3.1. The Limitations of Global Optimization
The global-based tuning results and default parameter simulation results are shown in
Figures S1 and S2. In comparing these figures, it can be seen that the global-based tuning result is not significant. There are slight positive changes in the outcomes only in certain regions of East Asia, the Indian Ocean, and the Pacific. As mentioned earlier, CAM5 is a well-tuned model, and the results based on global tuning are not significant. However, this tuning method struggles to eliminate errors in simulated results in some regions caused by default parameters. Therefore, we need to explore other feasible ways and determine the most suitable parameter optimization use scenario for the surrogate model-based tuning method.
To give full play to the best performance of the surrogate model, we researched the relationship between the parameter change and result change in CAM5 precipitation, explore the influence of a single parameter disturbance on the result, and compare it with the default precipitation value; thus, the influence mode and intensity of parameter changes in global precipitation are obtained. Using the samples generated in
Section 2.4.1, we first calculate the difference between the disturbance value and the default value of 60 groups of single-parameter samples. Then, a short-term hindcast named the cloud-associated parameterizations Trestbed (CAPT) [
53] with an interval day 3 hindcast, as proposed by [
15], was simulated 60 times to obtain the precipitation value corresponding to the disturbance parameters and to calculate the difference with the default precipitation value. Pearson correlation analysis was carried out between them to calculate the symbolic consistency of the two groups of differences to determine the impact of the same parameter value on different regions. In taking rhminl as an example, the results are shown in
Figure 8. The impact of parameter changes on the world is different. There is a strong negative correlation in marine regions, such as the South and North Pacific, the Indian Ocean, and the Atlantic, while there is a positive correlation on land, mainly concentrated in Eurasia, South America, Central Africa, and other regions. This means that when the rhminl value is disturbed relative to the default value, the change in precipitation in some regions may be completely opposite, similar to a “rocker” effect. In such a situation, it is difficult to use one parameter value to optimize global change, and the increase in parameter numbers will further enhance this rocker effect, making the mapping between parameters and precipitation complicated. To some extent, the surrogate model has difficulty approximating this complex change through a limited number of samples and iterations, which will greatly reduce the surrogate model’s optimization performance.
The influence of the parameters on different regions and the simulation results of each region are considered. We chose region-based optimization, abided by the parameter disturbance characteristics of the model, and gave full play to the performance advantages of the surrogate model as much as possible.

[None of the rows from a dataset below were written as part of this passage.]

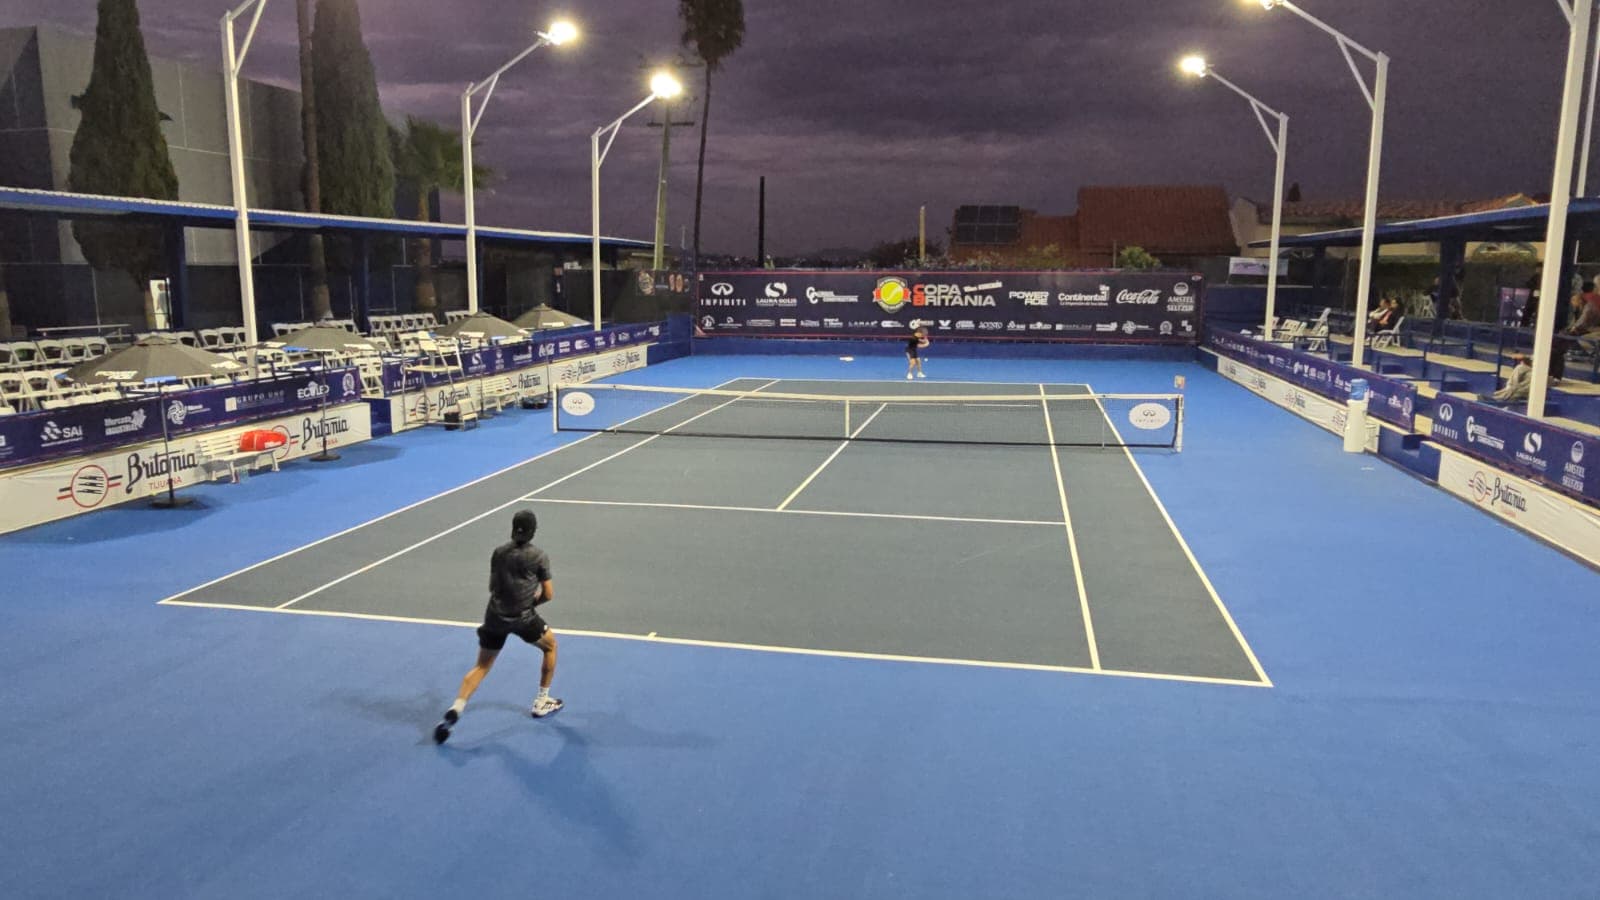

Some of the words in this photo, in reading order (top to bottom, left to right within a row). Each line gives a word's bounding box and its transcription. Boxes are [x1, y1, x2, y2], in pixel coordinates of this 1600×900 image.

[913, 284, 960, 296] COPA
[701, 298, 747, 306] INFINITI
[912, 295, 996, 307] BRITANIA
[125, 449, 199, 494] Britania
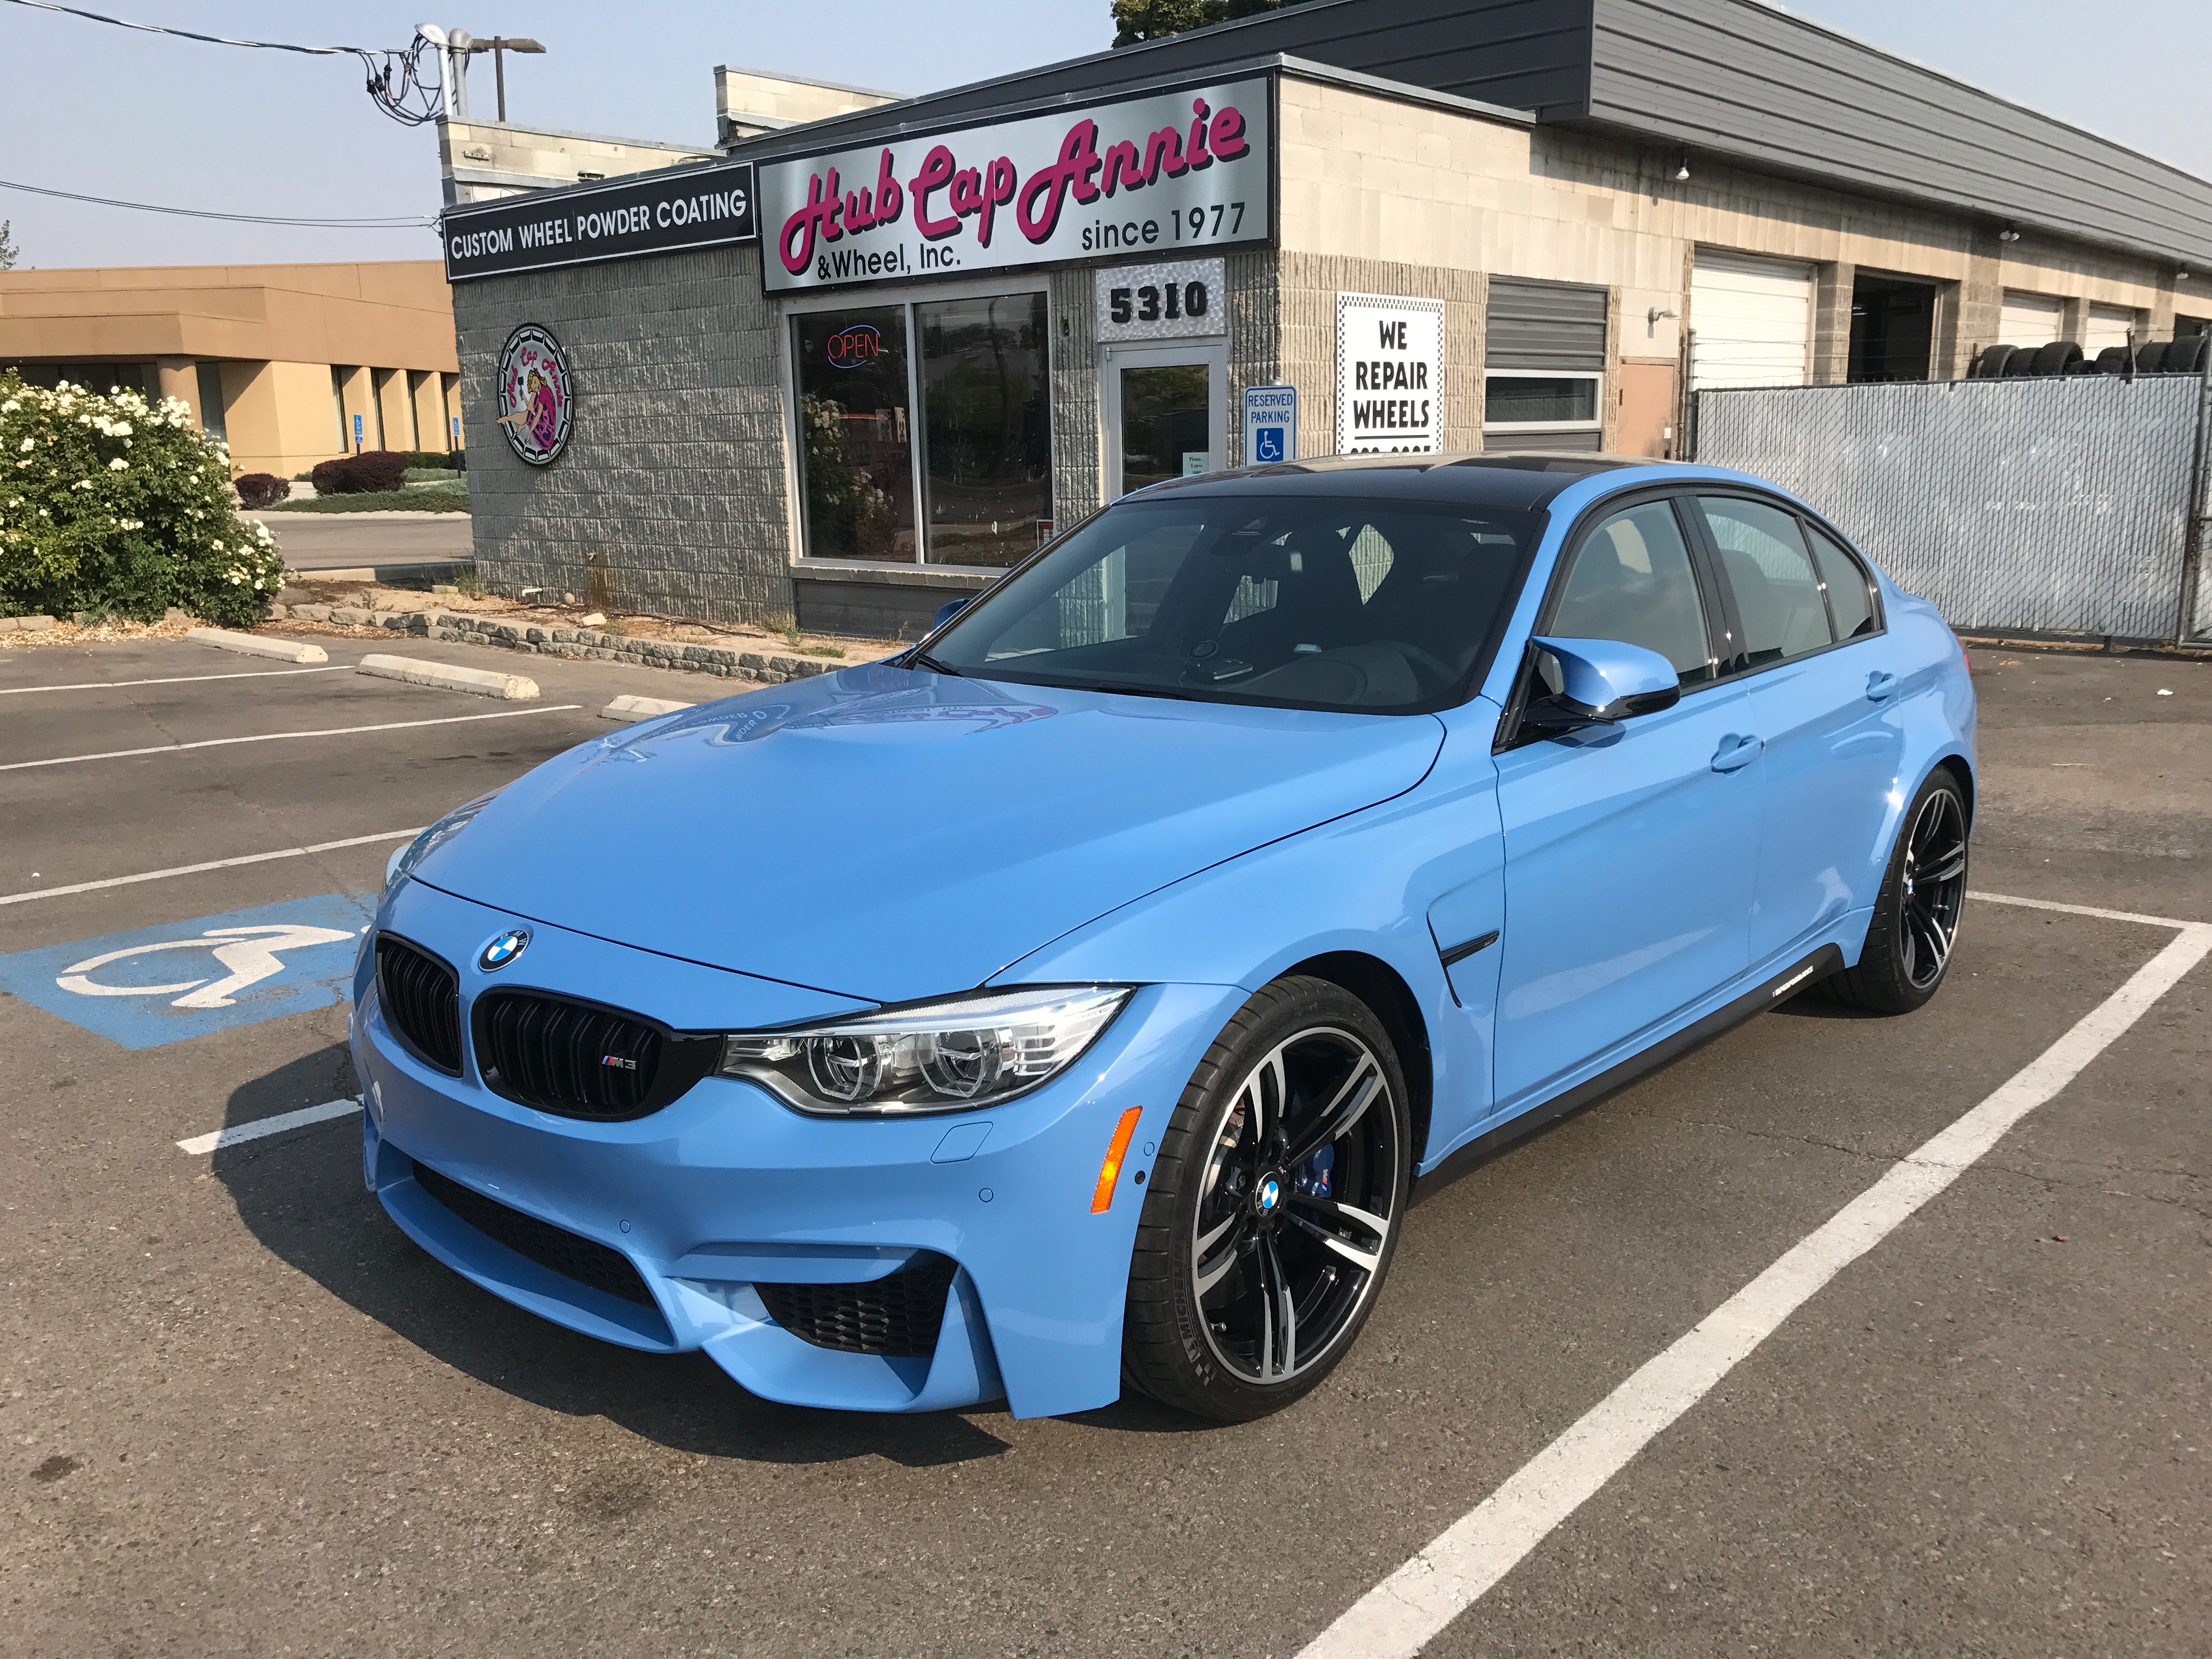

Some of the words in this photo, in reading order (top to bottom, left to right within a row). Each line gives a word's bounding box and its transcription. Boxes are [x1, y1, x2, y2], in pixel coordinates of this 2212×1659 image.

[779, 148, 902, 273] Hub
[908, 145, 1015, 246] Cap
[1017, 98, 1249, 243] Annie
[451, 228, 512, 259] CUSTOM
[519, 219, 572, 249] WHEEL
[578, 205, 650, 240] POWDER
[657, 189, 746, 228] COATING
[1082, 219, 1159, 251] since
[1171, 201, 1246, 241] 1977
[920, 244, 961, 269] Inc.
[1110, 281, 1207, 324] 5310
[827, 333, 878, 359] OPEN
[1379, 320, 1408, 350] WE
[520, 346, 538, 368] Cap
[1356, 361, 1428, 390] REPAIR
[1248, 394, 1293, 407] RESERVED
[1353, 399, 1430, 429] WHEELS
[1251, 410, 1290, 424] PARKING
[1256, 1183, 1268, 1216] BMW
[1173, 1243, 1193, 1340] MICHELIN

3.2. Region-Based Optimization Result
Based on
Section 3.1, because of the “rocker” effect in CAM5, the optimization result of the region may be inconsistent with the global optimization result. Therefore, region-based optimization is more suitable than global optimization. In considering the global precipitation distribution, six regions were selected in this study, as shown in
Table 2. They were WarmPool, South Pacific, Nino, South America, South Asia, and East Asia. We constructed a top surrogate model and a bottom surrogate model for each selected region, and each region was tuned using the methods proposed in
Section 2. The RMSE of each region was calculated according to the range shown in
Table 2 in the corresponding optimization process, and each region was optimized separately. The region optimization result is shown in
Table 4. The results show that after the top-level optimization step, each region has different degrees of improvement compared with the default experiment. The simulation result in each region advanced after the bottom-level optimization step, and the results of South Pacific, East Asia, Nino, and South Asia are notably improved. We will discuss these results.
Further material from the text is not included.